‘Code for America’ Programmers to Work in City Governments

Four cities will each receive a team of five open source Web programmers for 11 months, as selected by Code for America, a new nonprofit that’s pairing Web geeks with city governments.

The selected cities were Boston, Seattle, Philadelphia and Washington, D.C. Each city paid $250,000 to participate, which included submitting applications and proposals for what they wanted from a team of fellows.

Code for America recently announced its 20 fellows for 2011, chosen from among 360 applicants. The fellows will work mostly from Code for America’s San Francisco headquarters; the programmers will spend February of next year at the actual local governments they’ll be serving.

Really cool stuff. Can’t wait to see what comes out of this in Seattle.

“Shiny app syndrome” and Gov 2.0 – O’Reilly Radar

This was sent to me by a coworker–the entire article is really great but the person interviewed in this video makes some excellent points about the dangers of requiring specific devices to access services. This is bad from the standpoint of freedom and technology in general, vendor lock-in, etc., but is absolutely horrible when it comes to government services.

Unless they’re developed by a third party completely independent of any particular government agency, citizens fund the development of the applications that make the promise of letting them interact more directly and more effectively with their government. By limiting access to a specific device, it’s like simultaneously spitting in the face of the citizens that fund the development and handling Apple a check.

With the decreasing cost and increasing availability of technology the digital divide was supposed to get smaller, not bigger, but by requiring citizens to buy one of the most expensive phones on the market and sign up for an expensive data plan through one specific wireless carrier, we’re making it far, far worse and the conspiracy theorist in me has to wonder if something nefarious is going on behind the scenes.
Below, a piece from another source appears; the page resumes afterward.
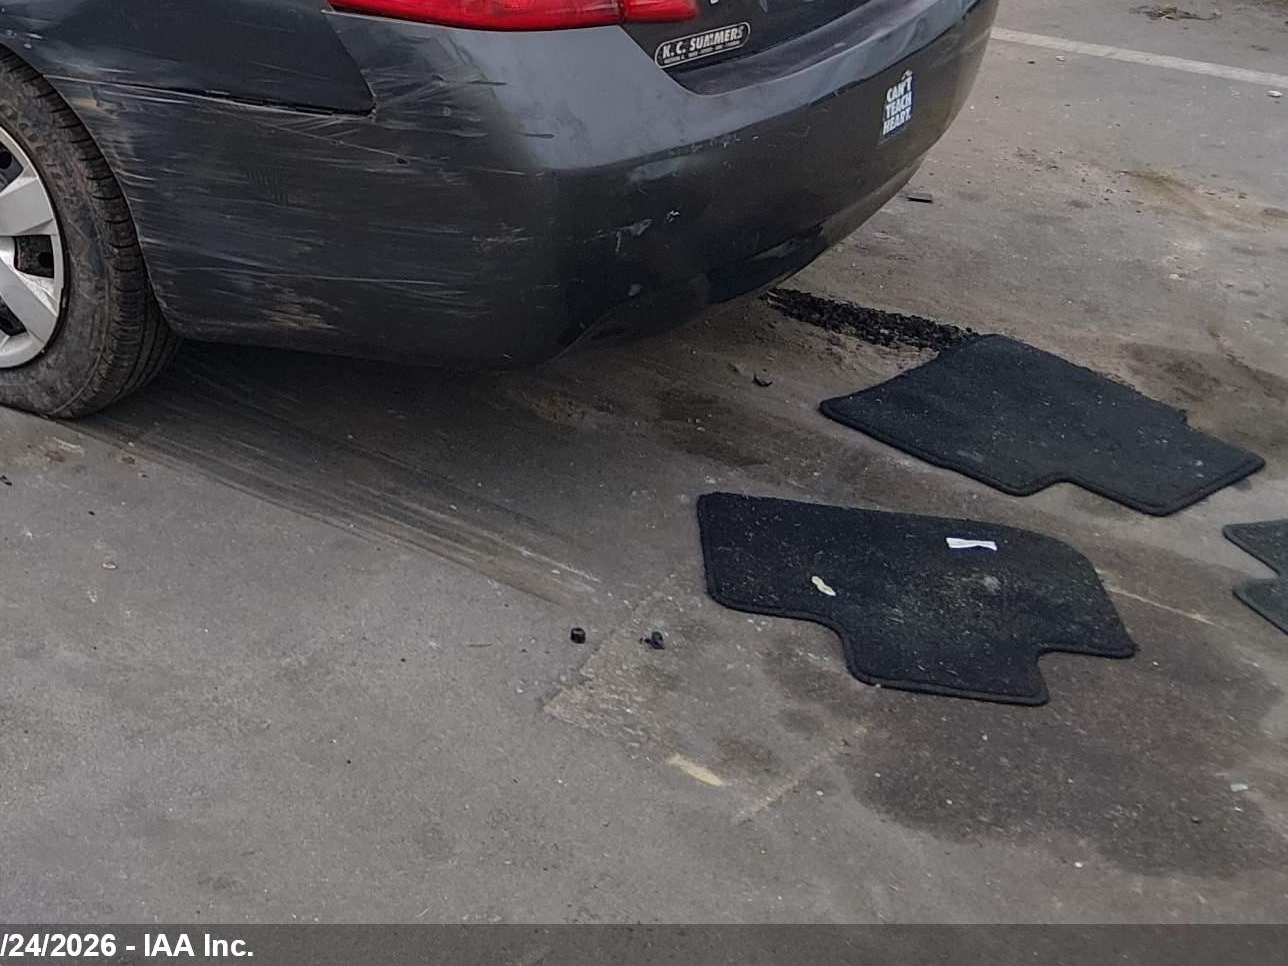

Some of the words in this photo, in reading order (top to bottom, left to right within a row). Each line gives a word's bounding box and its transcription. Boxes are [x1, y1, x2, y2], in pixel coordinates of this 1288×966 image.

[689, 25, 745, 52] SUMMERS
[886, 76, 913, 103] CAN'T
[886, 91, 913, 118] TEACH
Thankfully there’s a simple solution to this problem. First, follow the “just give us the data” mantra of Gov2.0 advocates, and second, build apps with standards that don’t lock people into any one device. There is absolutely no reason any publicly developed application should only be available on one particular device, and if there aren’t any rules in government that mandate cross-device compatibility as a requirement, there should be.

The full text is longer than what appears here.